Back in the good ole days of school year 2010-2011, my teaching life felt stuck in a rut and my mental and physical health were in questionable shape.  I’d seen the inside of the Urgent Care clinic one too many times and been able to tell the doctor that “I’ve got strep throat. I bet you my copay I do.”  Doctor, an hour or so later, “Dang you are good. Yup, strep throat.” For the second time in 6 months.

 Now, let’s get this straight, I am starting to believe that choosing teaching as a profession, presupposes that you are, most likely a little off in the ole’ mental health department.

Fast forward to October 2011. Me, two huge Maine Coon cats in an apartment in the hot hot wilds of Costa Rica.  Watching daytime television and eating too much.  My job was to begin in January 2012 but I thought it prudent to come early to acclimate.  Acclimate turned into going away to Haiti for about 3 weeks in November (Right because THAT would really be relaxing!)  to visit my partner , eating too much, learning virtually no Spanish, sleeping in, scootering around, getting caught in rain storms and making no friends.  

This isn’t an oh pity me post.  Hell, I dunno what kind of post it is. Cathartic, pleasedon’ttellmei’mcrazythissinormaliwentthroughittoo? Reflections on culture shock, like a good practicing teacher?

Now that I’m in the thick of things, somehow the culture shock deepened and festered.  I always tried to have reports of wonderful awesome I-live-in-an-exotic-land reports to friends and family.  And they weren’t exactly lies but they aren’t exactly truth either.

The truth is, this is really fucking hard.  I’d heard that culture shock goes in waves but for me it just has gone in a downhill slide.  The missing things hasn’t subsided, the misunderstanding of cultural nuances persists, the grasping for something familiar persists and depression and anger have grown.  Describing life here is very hard because it isn’t all bad, but dang is it ever different.  It is this reconciling and acceptance of the difference that I’m wrestling with very heartily. 

How do I describe life here?  It is so 360 that I barely can get my head around it, so trying to explain it to a friend at home is like pushing a watermelon through a pin hole.  Painful.  And frankly I don’t want to burden people with my oh woe is me-ness brought on mostly by myself.   I’ve found myself getting really angry with people who just suggest I go buy ______________ at the _____________.  “Can’t you just get it shipped to you?”  No, in fact, I can’t.
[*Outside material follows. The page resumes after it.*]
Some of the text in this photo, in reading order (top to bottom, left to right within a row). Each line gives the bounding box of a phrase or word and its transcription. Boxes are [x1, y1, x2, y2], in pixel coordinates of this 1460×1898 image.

No, I can’t go to the local Target and reach onto the shelf, pay $2.99 and be on my way.  No, no, and no again.  

 Yes it is an attitude thing; it is a shift in perspective thing. It is a remember the little things and give thanks thing.  But culture shock depression and depression in general do not follow general just change your attitude guidelines.  It is like telling a student who literally cannot control his/her impulses to just focus more.  It is insulting. This isn’t covered in the culture shock literature. Depressive rage isn’t exactly a selling point for adventuring around the world.  And I’ve lived abroad before–Japan and Scotland. 
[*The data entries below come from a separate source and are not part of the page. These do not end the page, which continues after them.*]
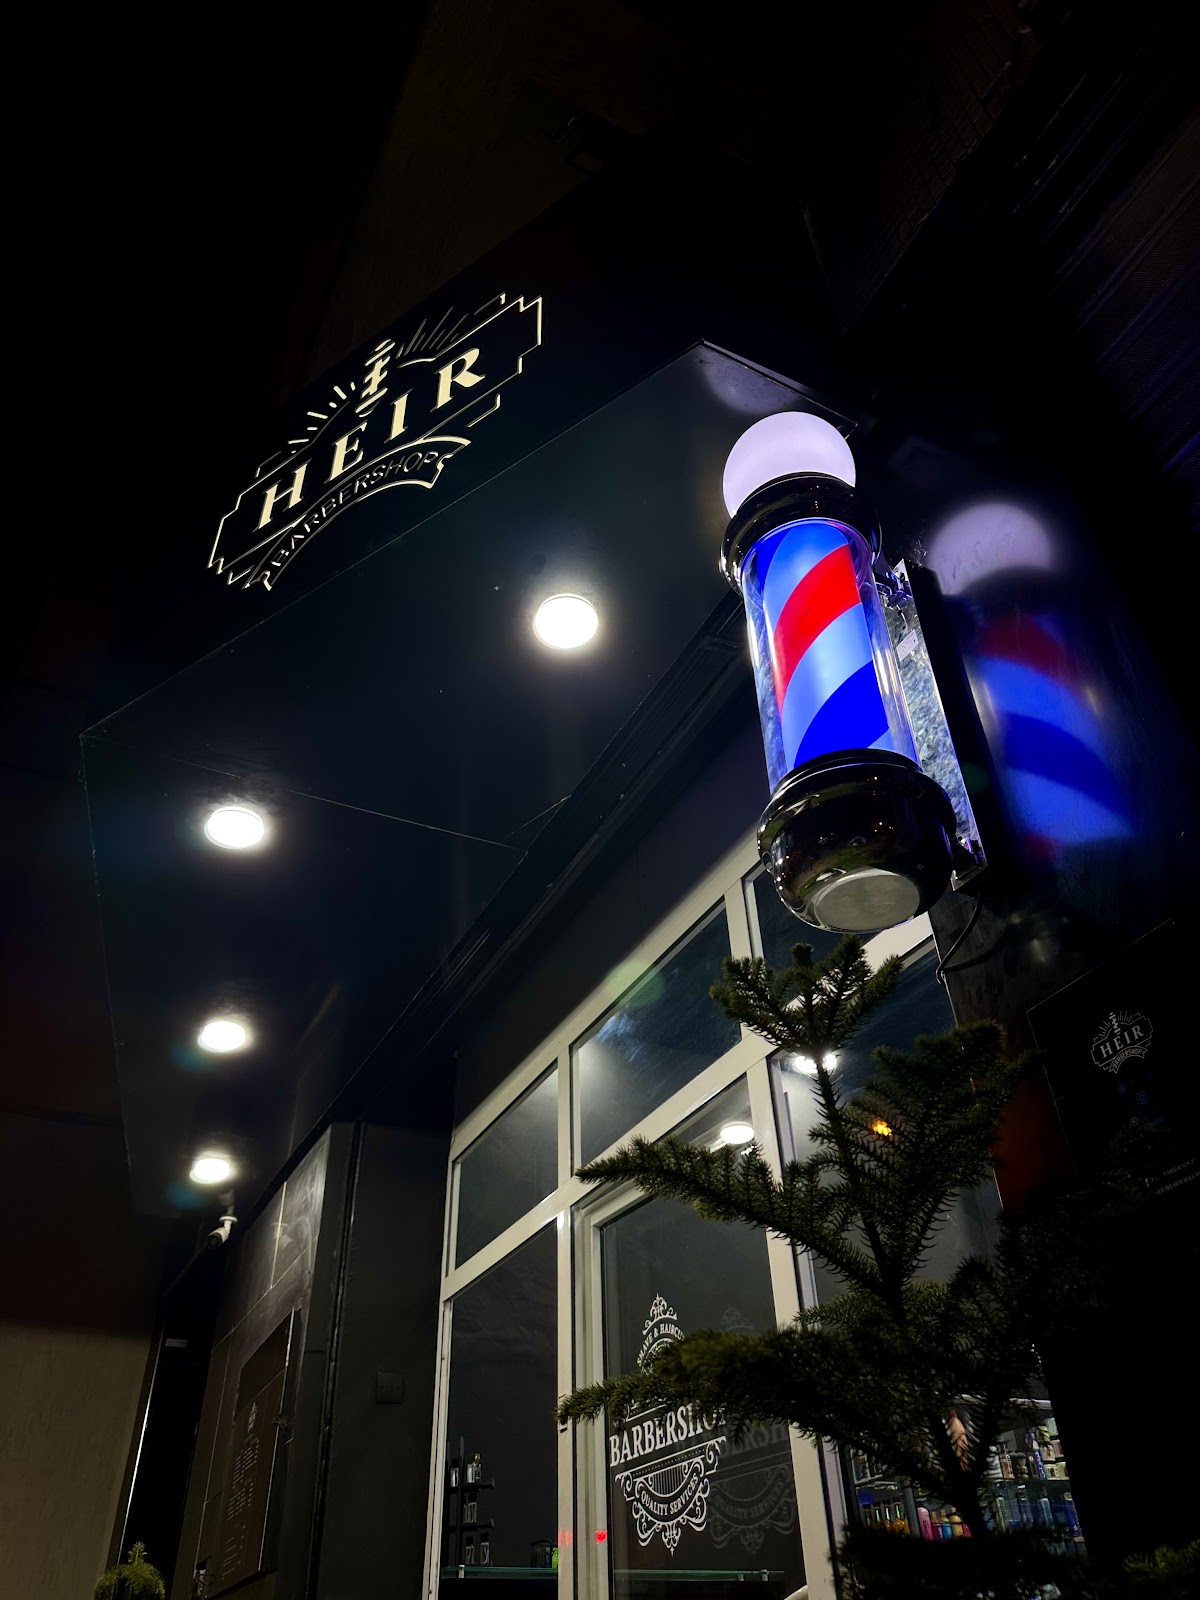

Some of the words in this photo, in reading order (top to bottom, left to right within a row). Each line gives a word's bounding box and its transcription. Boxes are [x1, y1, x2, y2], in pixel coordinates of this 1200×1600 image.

[253, 348, 486, 533] HEIR
[271, 451, 439, 567] BARBERSHOP
[1100, 1025, 1144, 1058] HEIR
[641, 1490, 669, 1515] QUALITY
[670, 1473, 698, 1515] SERVICES
Uprooting one’s career and life is no small act.  In fact, I think it proves I’m truly bat shit cray cray.  But in my hitting rockbottomcultureshockcannothandleanythingelse ness, the only way to go is up.  I’ve decided that being all stoic and proud is for the birds.  I tend to do that as protection and hold it all in.  Now I’m dealing with colitis and gastritis so it didn’t exactly work out quite right. I’ve gotten braver and have gone to other coworkers who have been here a while.  They confirm I am, not, in fact, bat shit cray cray, but that they went through this stuff, too.
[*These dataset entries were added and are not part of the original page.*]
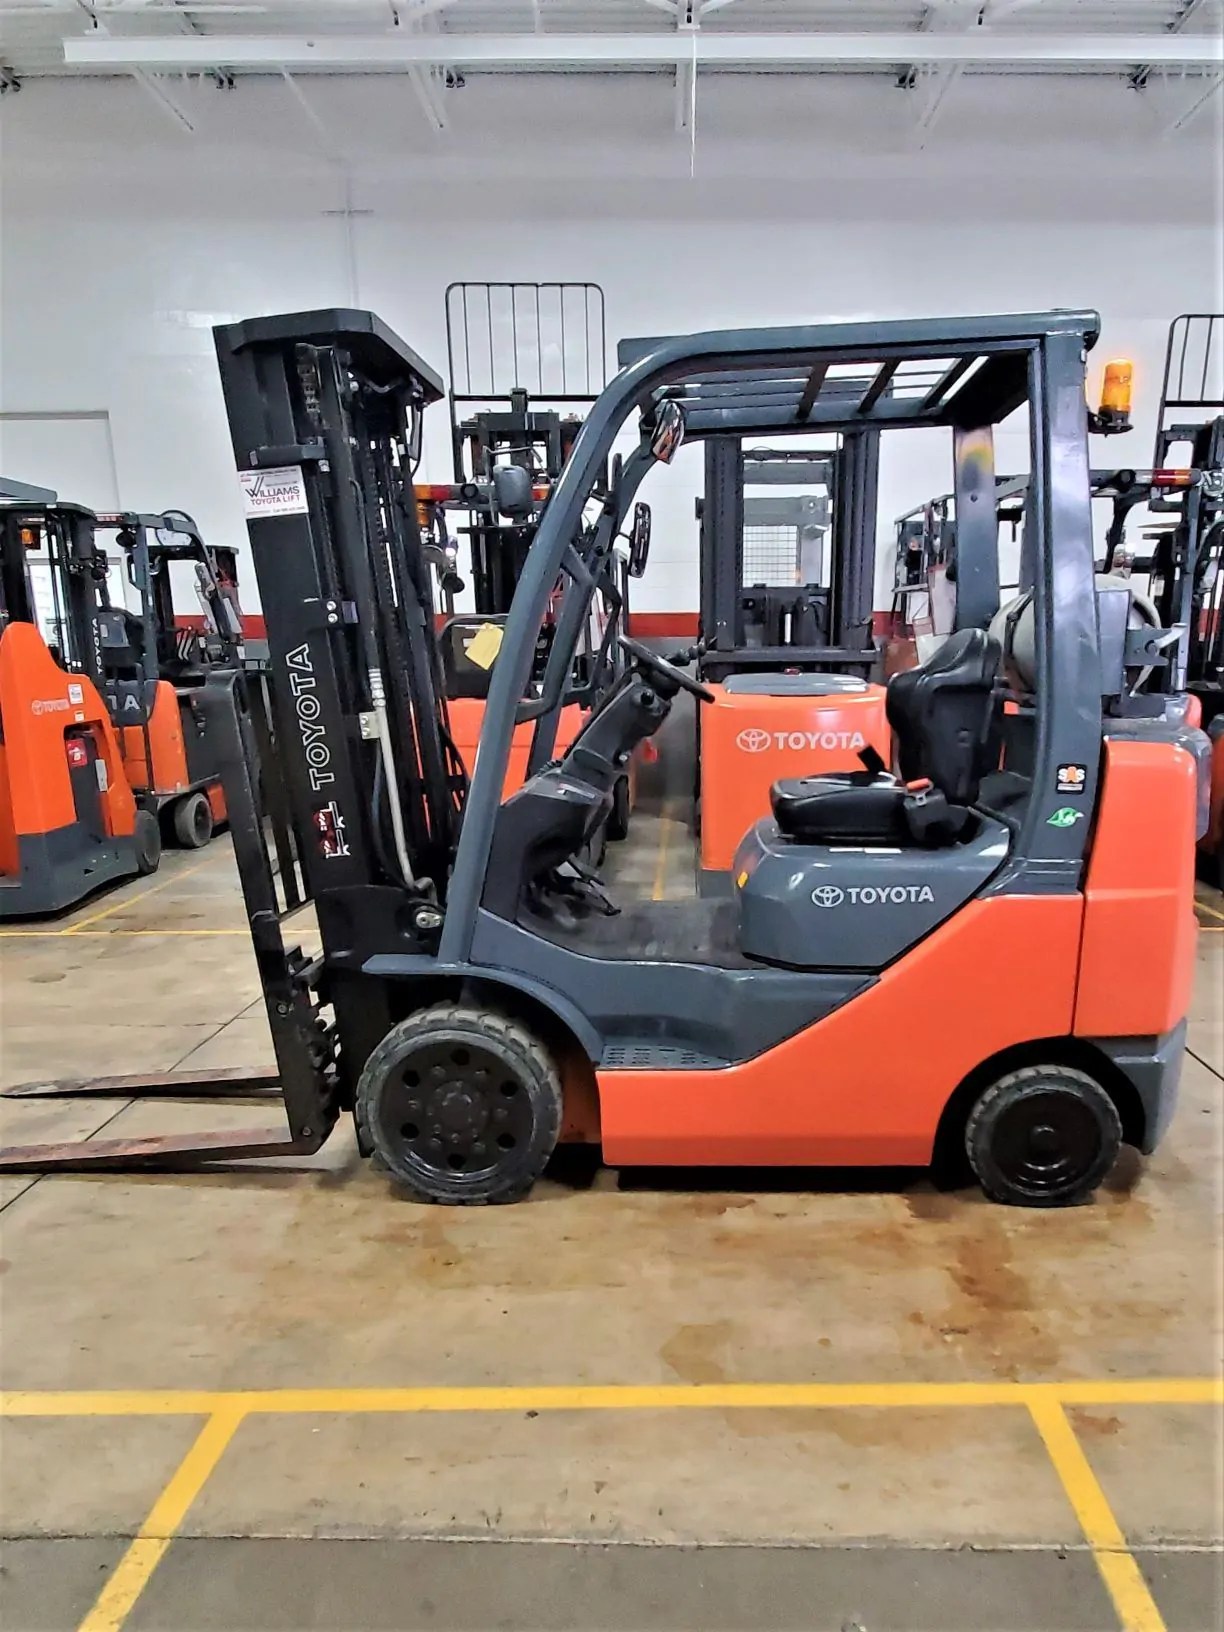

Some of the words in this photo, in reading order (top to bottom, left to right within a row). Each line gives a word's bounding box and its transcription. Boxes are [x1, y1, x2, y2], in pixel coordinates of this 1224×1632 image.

[245, 476, 300, 498] WILLIAMS
[251, 496, 281, 506] TOYOTA
[282, 495, 301, 503] LIFT
[92, 618, 103, 675] TOYOTA
[286, 643, 335, 791] TOYOTA
[774, 731, 866, 750] TOYOTA
[847, 885, 935, 904] TOYOTA
I don’t know why it seems to take me hitting the ultimate bottom to remind myself that in life, I truly believe we all crave some basic things. Connection and being heard.  

Culture shock: level up.



Don’t Park The Scooter Under the Mango Tree

A brief living abroad list:

–Don’t park the scooter under the mango tree. It isn’t a nice thing to wake up to.

–Rainy season is a blessing and a curse–cool but HUMID.

–In one ear and out the other has taken on a whole new meaning for me.

–Culture shock is a bitch.  One I haven’t tamed yet.

–Trying to explain living abroad to people who’ve never traveled is I think like how birth is described.  Pushing a watermelon through the size of a pin hole.

–Air conditioner water is simply water. It won’t kill your kid.